YOUR TASK:
From top to bottom, restate the entries below word for word.

───── DATA FOR REVIEW

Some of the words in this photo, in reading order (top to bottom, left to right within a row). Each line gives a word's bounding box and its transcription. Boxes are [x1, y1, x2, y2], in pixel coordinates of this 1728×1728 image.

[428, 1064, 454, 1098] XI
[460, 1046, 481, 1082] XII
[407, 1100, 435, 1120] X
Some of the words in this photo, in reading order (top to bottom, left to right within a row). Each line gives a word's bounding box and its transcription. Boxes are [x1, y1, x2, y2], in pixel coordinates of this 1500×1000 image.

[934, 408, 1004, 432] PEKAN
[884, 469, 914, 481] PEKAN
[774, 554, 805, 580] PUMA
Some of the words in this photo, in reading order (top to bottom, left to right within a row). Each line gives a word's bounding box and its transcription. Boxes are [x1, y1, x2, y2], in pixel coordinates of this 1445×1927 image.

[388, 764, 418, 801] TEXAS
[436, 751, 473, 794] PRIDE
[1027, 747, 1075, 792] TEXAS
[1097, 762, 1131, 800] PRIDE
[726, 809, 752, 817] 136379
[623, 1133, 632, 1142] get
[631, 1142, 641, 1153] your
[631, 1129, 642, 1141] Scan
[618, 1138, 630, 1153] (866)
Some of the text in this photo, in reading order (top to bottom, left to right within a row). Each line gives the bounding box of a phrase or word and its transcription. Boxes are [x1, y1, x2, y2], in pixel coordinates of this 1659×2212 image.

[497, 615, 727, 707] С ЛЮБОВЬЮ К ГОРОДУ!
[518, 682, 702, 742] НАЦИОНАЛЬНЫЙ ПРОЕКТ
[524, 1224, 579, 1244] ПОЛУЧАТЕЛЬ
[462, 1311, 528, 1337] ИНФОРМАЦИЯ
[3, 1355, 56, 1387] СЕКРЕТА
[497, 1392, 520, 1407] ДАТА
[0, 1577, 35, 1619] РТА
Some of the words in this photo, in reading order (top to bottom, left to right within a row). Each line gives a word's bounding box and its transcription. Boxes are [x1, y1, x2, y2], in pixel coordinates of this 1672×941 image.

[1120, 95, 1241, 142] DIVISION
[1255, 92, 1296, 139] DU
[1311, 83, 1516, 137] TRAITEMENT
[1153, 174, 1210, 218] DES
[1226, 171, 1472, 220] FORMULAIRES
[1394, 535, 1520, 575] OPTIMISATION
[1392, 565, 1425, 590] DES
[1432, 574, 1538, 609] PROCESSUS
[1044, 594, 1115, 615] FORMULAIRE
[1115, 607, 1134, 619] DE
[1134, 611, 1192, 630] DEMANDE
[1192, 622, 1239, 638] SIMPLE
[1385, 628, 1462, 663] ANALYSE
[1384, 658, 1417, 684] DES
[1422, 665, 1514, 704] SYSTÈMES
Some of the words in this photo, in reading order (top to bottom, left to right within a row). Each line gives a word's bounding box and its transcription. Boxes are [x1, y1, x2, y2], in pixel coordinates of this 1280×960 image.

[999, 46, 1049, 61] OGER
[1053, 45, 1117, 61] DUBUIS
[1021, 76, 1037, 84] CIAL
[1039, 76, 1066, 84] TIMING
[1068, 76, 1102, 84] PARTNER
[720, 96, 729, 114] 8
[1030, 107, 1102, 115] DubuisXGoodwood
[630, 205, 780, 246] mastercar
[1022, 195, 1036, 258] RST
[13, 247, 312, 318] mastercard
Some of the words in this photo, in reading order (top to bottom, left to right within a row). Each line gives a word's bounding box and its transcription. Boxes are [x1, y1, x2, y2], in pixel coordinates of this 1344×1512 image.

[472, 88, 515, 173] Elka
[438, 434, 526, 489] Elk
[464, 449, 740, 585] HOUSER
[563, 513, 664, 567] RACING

──────────

OUTPUT OF THE EXERCISE:
Some of the words in this photo, in reading order (top to bottom, left to right within a row). Each line gives a word's bounding box and its transcription. Boxes are [x1, y1, x2, y2], in pixel coordinates of this 1728×1728 image.

[428, 1064, 454, 1098] XI
[460, 1046, 481, 1082] XII
[407, 1100, 435, 1120] X
Some of the words in this photo, in reading order (top to bottom, left to right within a row). Each line gives a word's bounding box and its transcription. Boxes are [x1, y1, x2, y2], in pixel coordinates of this 1500×1000 image.

[934, 408, 1004, 432] PEKAN
[884, 469, 914, 481] PEKAN
[774, 554, 805, 580] PUMA
Some of the words in this photo, in reading order (top to bottom, left to right within a row). Each line gives a word's bounding box and its transcription. Boxes are [x1, y1, x2, y2], in pixel coordinates of this 1445×1927 image.

[388, 764, 418, 801] TEXAS
[436, 751, 473, 794] PRIDE
[1027, 747, 1075, 792] TEXAS
[1097, 762, 1131, 800] PRIDE
[726, 809, 752, 817] 136379
[623, 1133, 632, 1142] get
[631, 1142, 641, 1153] your
[631, 1129, 642, 1141] Scan
[618, 1138, 630, 1153] (866)
Some of the text in this photo, in reading order (top to bottom, left to right within a row). Each line gives the bounding box of a phrase or word and its transcription. Boxes are [x1, y1, x2, y2], in pixel coordinates of this 1659×2212 image.

[497, 615, 727, 707] С ЛЮБОВЬЮ К ГОРОДУ!
[518, 682, 702, 742] НАЦИОНАЛЬНЫЙ ПРОЕКТ
[524, 1224, 579, 1244] ПОЛУЧАТЕЛЬ
[462, 1311, 528, 1337] ИНФОРМАЦИЯ
[3, 1355, 56, 1387] СЕКРЕТА
[497, 1392, 520, 1407] ДАТА
[0, 1577, 35, 1619] РТА
Some of the words in this photo, in reading order (top to bottom, left to right within a row). Each line gives a word's bounding box and its transcription. Boxes are [x1, y1, x2, y2], in pixel coordinates of this 1672×941 image.

[1120, 95, 1241, 142] DIVISION
[1255, 92, 1296, 139] DU
[1311, 83, 1516, 137] TRAITEMENT
[1153, 174, 1210, 218] DES
[1226, 171, 1472, 220] FORMULAIRES
[1394, 535, 1520, 575] OPTIMISATION
[1392, 565, 1425, 590] DES
[1432, 574, 1538, 609] PROCESSUS
[1044, 594, 1115, 615] FORMULAIRE
[1115, 607, 1134, 619] DE
[1134, 611, 1192, 630] DEMANDE
[1192, 622, 1239, 638] SIMPLE
[1385, 628, 1462, 663] ANALYSE
[1384, 658, 1417, 684] DES
[1422, 665, 1514, 704] SYSTÈMES
Some of the words in this photo, in reading order (top to bottom, left to right within a row). Each line gives a word's bounding box and its transcription. Boxes are [x1, y1, x2, y2], in pixel coordinates of this 1280×960 image.

[999, 46, 1049, 61] OGER
[1053, 45, 1117, 61] DUBUIS
[1021, 76, 1037, 84] CIAL
[1039, 76, 1066, 84] TIMING
[1068, 76, 1102, 84] PARTNER
[720, 96, 729, 114] 8
[1030, 107, 1102, 115] DubuisXGoodwood
[630, 205, 780, 246] mastercar
[1022, 195, 1036, 258] RST
[13, 247, 312, 318] mastercard
Some of the words in this photo, in reading order (top to bottom, left to right within a row). Each line gives a word's bounding box and its transcription. Boxes are [x1, y1, x2, y2], in pixel coordinates of this 1344×1512 image.

[472, 88, 515, 173] Elka
[438, 434, 526, 489] Elk
[464, 449, 740, 585] HOUSER
[563, 513, 664, 567] RACING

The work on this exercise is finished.